Assignment
When you reproduce these records, keep every word exactly and drop the images.

Text-to-region grounding data
--- --- ---

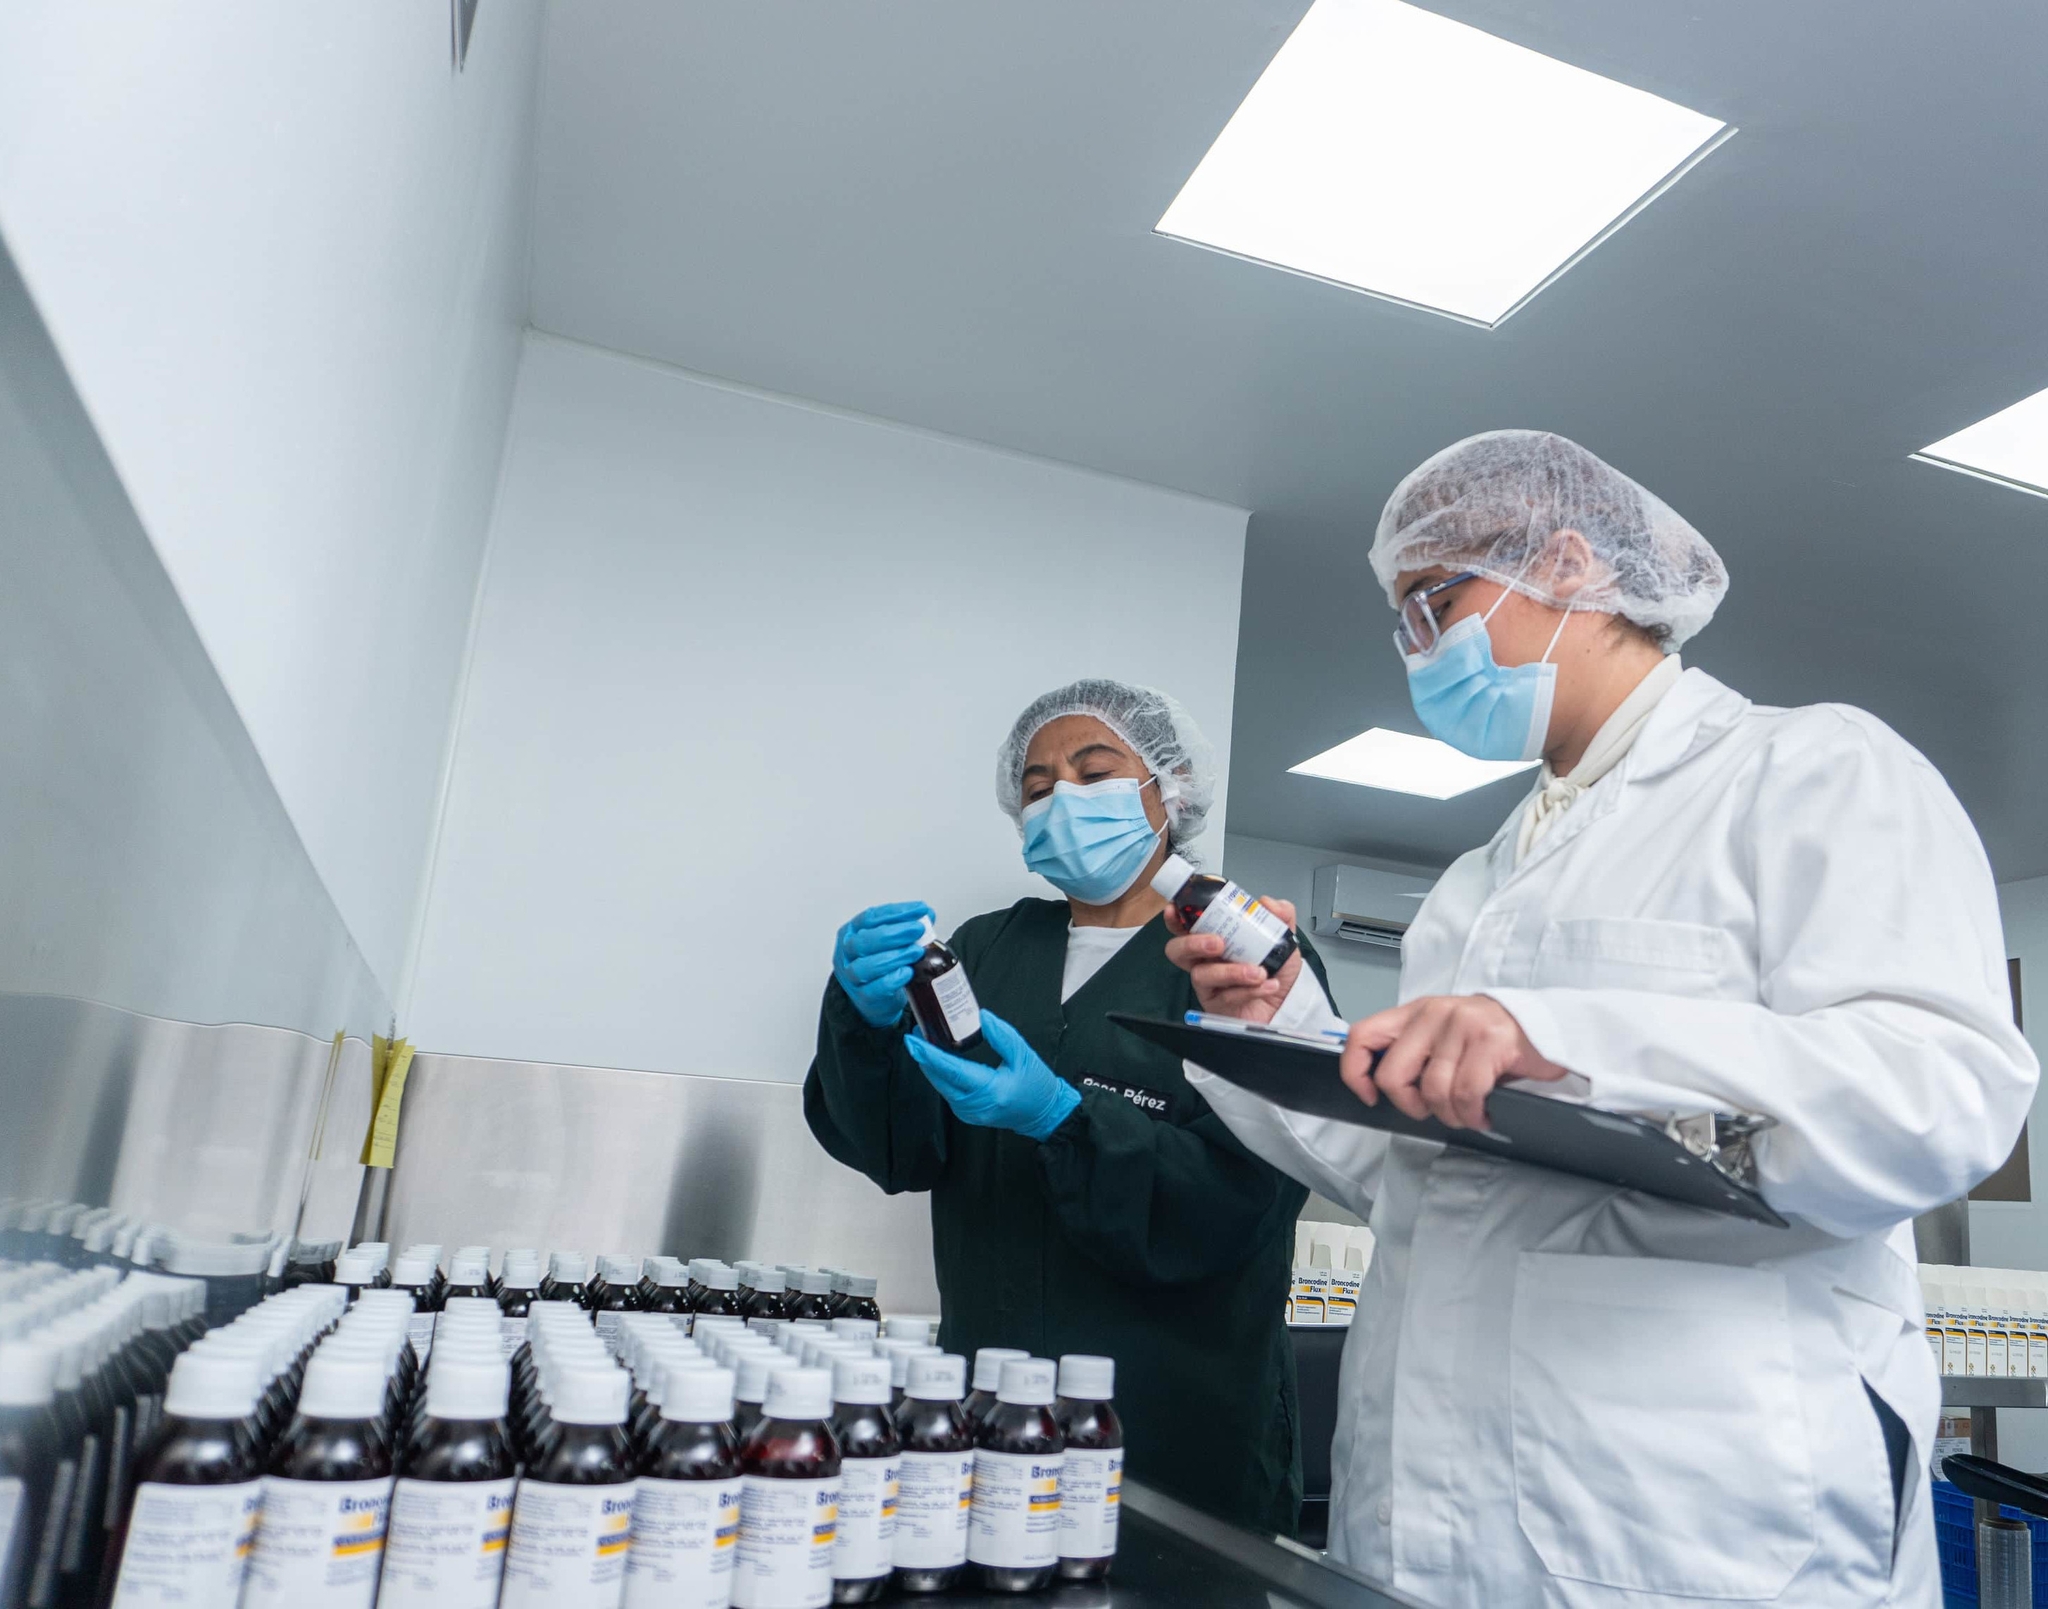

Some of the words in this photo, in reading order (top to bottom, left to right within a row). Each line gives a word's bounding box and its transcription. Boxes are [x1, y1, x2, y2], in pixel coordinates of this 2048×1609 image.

[1123, 1088, 1166, 1111] Pérez
[1298, 1277, 1328, 1286] Broncodine
[1331, 1278, 1360, 1288] Broncodine
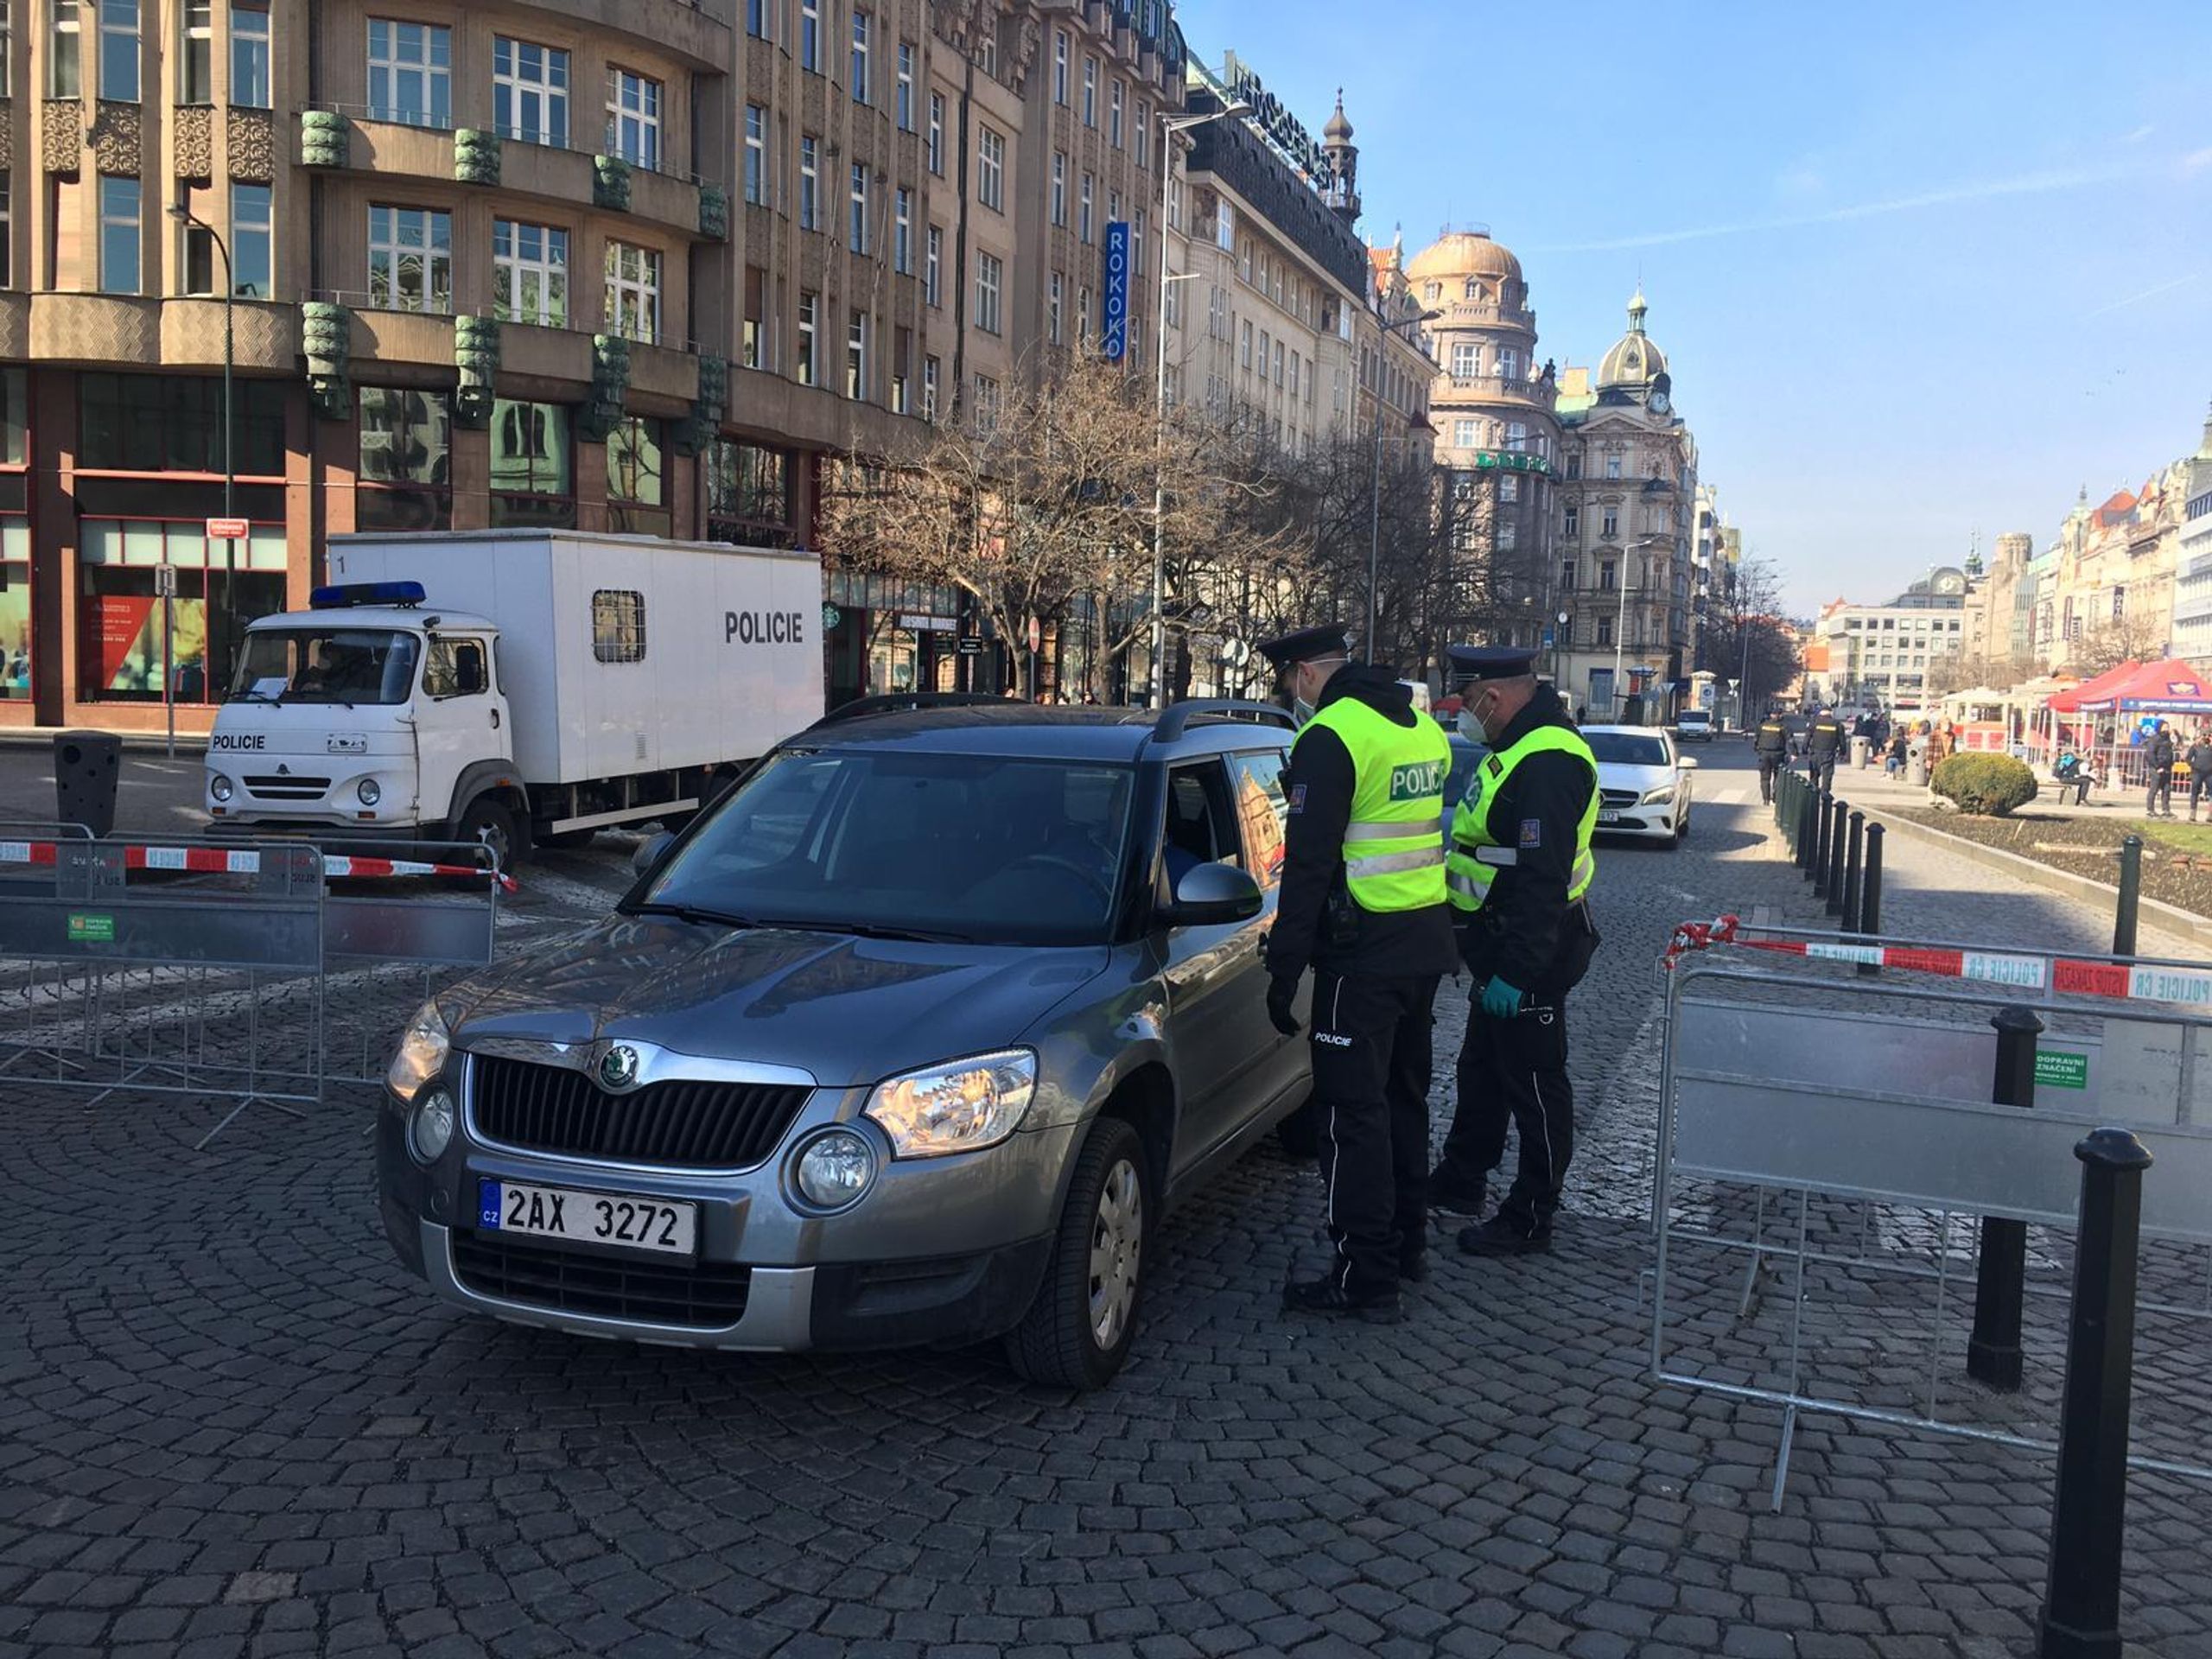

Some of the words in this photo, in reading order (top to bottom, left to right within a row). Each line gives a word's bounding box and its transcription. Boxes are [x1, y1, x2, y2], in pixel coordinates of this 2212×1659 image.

--- --- ---

Response to the task
Some of the words in this photo, in reading order (top to bottom, left to right within a row). Each line gives a word's bounding box and its transcription. Boxes are [x1, y1, x2, y2], in pixel coordinates of this 2048×1609 image.

[1123, 1088, 1166, 1111] Pérez
[1298, 1277, 1328, 1286] Broncodine
[1331, 1278, 1360, 1288] Broncodine

Some of the words in this photo, in reading order (top to bottom, left to right within a row). Each line gives a word's bounding box and its transcription. Boxes are [x1, y1, x2, y2], in pixel coordinates of this 2212×1659 image.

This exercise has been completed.